The effect of GDI1/2 knockout on the localization of Rab proteins.A, immunoblots showing the establishment of U2OS clonal cells harboring doxycycline (Dox)-inducible expression of V5-GDI1 in the absence of endogenous GDIs. In the top panel, the upper and lower bands represent GDI1 and GDI2, respectively. The specificity of the anti-GDI antibody used in the top panel was examined using parental U2OS cells (P) and U2OS GDI1 KO (1) or GDI2 KO (2) polyclonal cells. Four monoclonal GDI1/2 DKO cells (#2, #4, #5, and #28) were established. GAPDH was used as a loading control (bottom panel). B, post-nuclear supernatants of parental U2OS cells as well as U2OS GDI1/2 DKO cells treated without (−) or with (+) dox to induce the expression of V5-GDI1 were fractionated into the cytosol (C) and membrane (M) fractions. Representative immunoblots of three independent experiments with the indicated antibodies are shown. DJ-1 was used as a representative cytosolic protein, whereas Na+/K+ ATPase α-1 subunit was used as a membrane protein. C, the comparison of the ratio of cytosolic to total Rab proteins among Rab proteins in U2OS cells. D, the comparison of the ratio of cytosolic to total Rab proteins between U2OS cells, U2OS GDI1/2 DKO cells without dox (DKO), and U2OS GDI1/2 DKO cells with dox to induce the expression of V5-GDI1 (DKO+GDI1). The band intensity of the Rab proteins was quantified, and the ratio of cytosolic Rab to total Rab (cytosol + membrane) was calculated.

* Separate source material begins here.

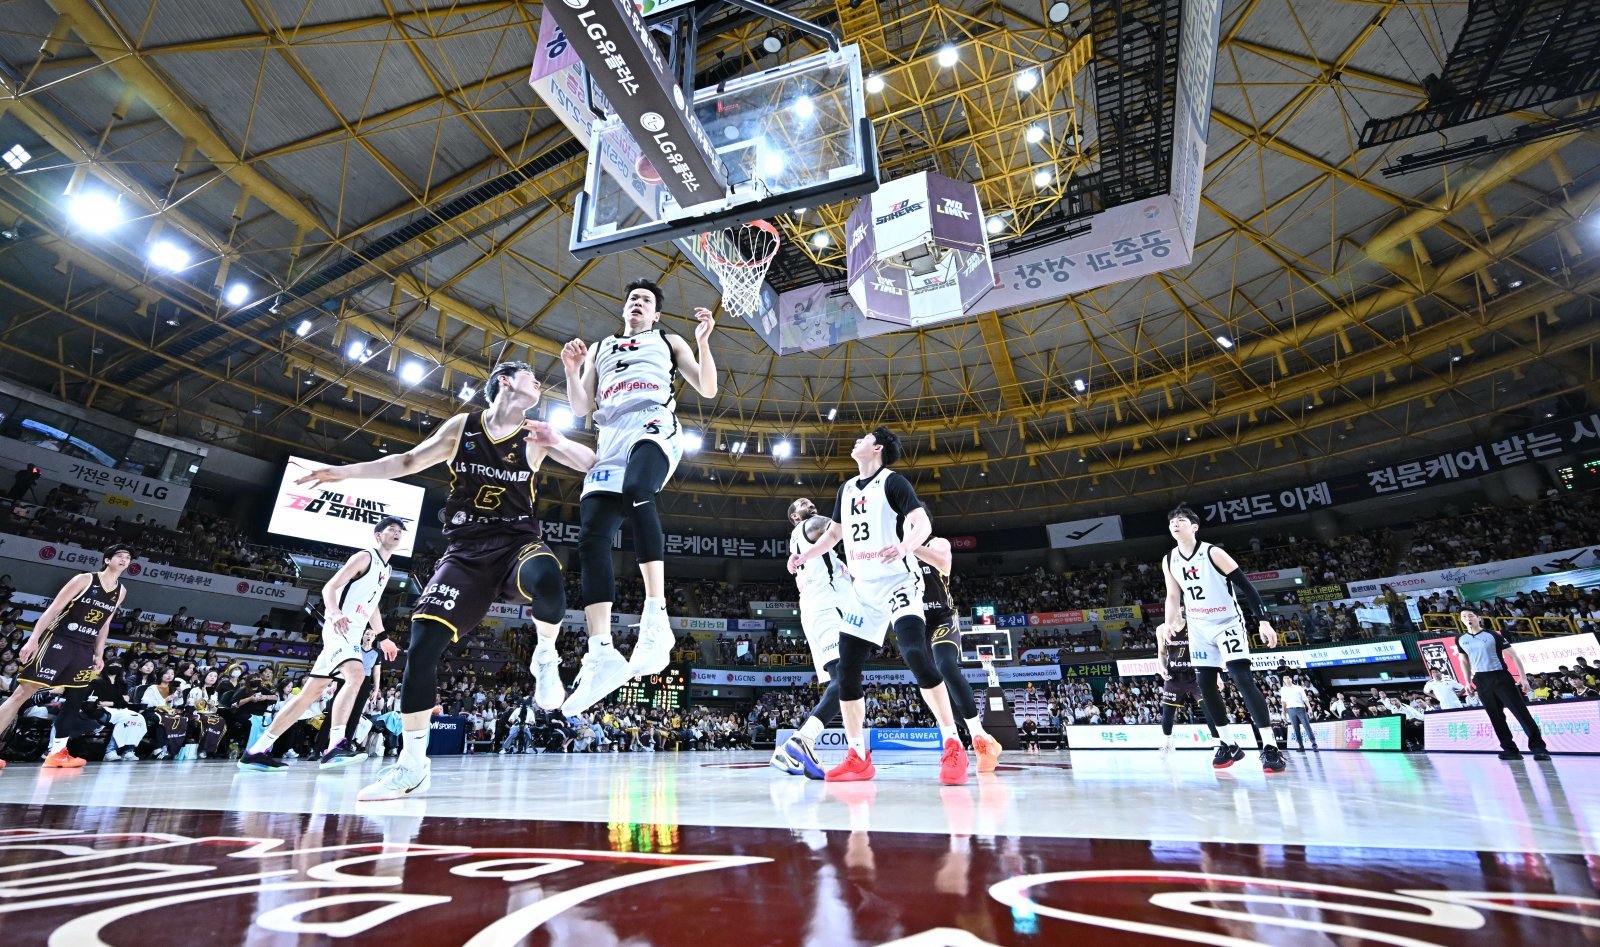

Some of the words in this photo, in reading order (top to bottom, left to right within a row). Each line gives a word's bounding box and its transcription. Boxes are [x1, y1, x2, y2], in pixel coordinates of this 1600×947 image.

The circles, the bars, and the error bars in the graphs represent individual values, the mean values, and their standard errors, respectively. ∗p < 0.05, ∗∗p < 0.01, ∗∗∗p < 0.001. 'n.s.' means 'not significant'. The p-values and statistical tests used are summarized in Table S1. DKO, double knockout; GDI, GDP-dissociation inhibitor.